(Saved entries)

===

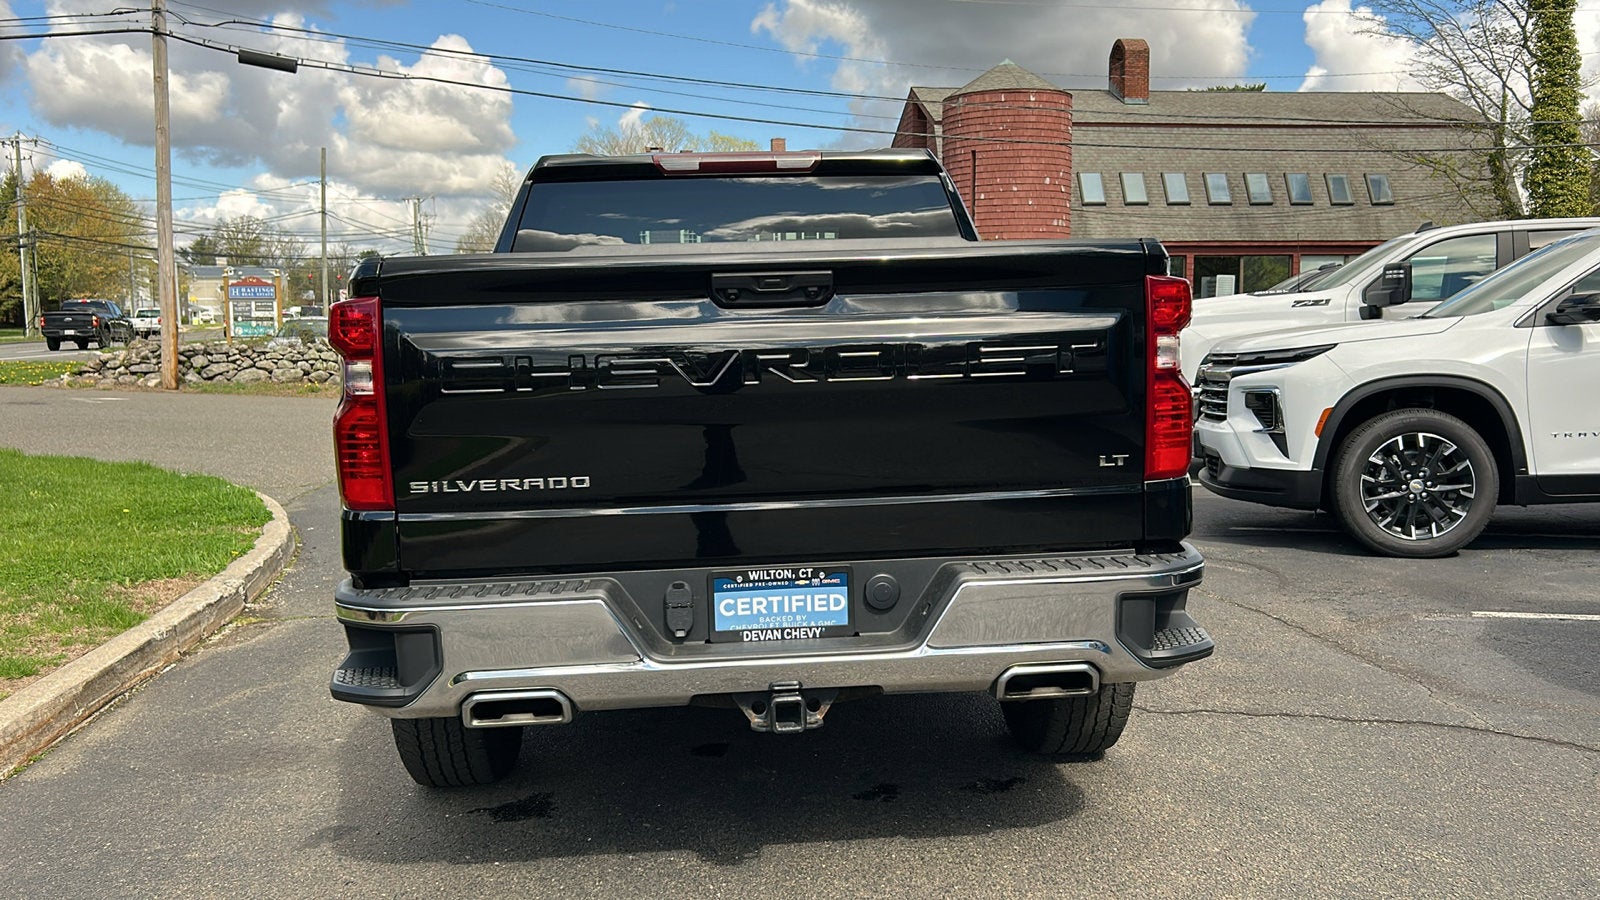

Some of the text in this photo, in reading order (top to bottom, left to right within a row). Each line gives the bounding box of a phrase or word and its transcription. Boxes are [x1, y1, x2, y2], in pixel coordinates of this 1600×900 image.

[438, 342, 1099, 394] CHEVROLET
[1099, 454, 1130, 467] LT
[409, 476, 591, 494] SILVERADO
[748, 568, 814, 581] WILTON, CT
[719, 594, 846, 616] CERTIFIED
[759, 614, 807, 623] BACKED BY
[730, 622, 781, 630] CHEVROLET
[743, 627, 822, 642] DEVAN CHEVY

===

▸ **Task objective**
Leaving the pictures aside, repeat the data above exactly.

▸ **Reply**
Some of the text in this photo, in reading order (top to bottom, left to right within a row). Each line gives the bounding box of a phrase or word and its transcription. Boxes are [x1, y1, x2, y2], in pixel coordinates of this 1600×900 image.

[438, 342, 1099, 394] CHEVROLET
[1099, 454, 1130, 467] LT
[409, 476, 591, 494] SILVERADO
[748, 568, 814, 581] WILTON, CT
[719, 594, 846, 616] CERTIFIED
[759, 614, 807, 623] BACKED BY
[730, 622, 781, 630] CHEVROLET
[743, 627, 822, 642] DEVAN CHEVY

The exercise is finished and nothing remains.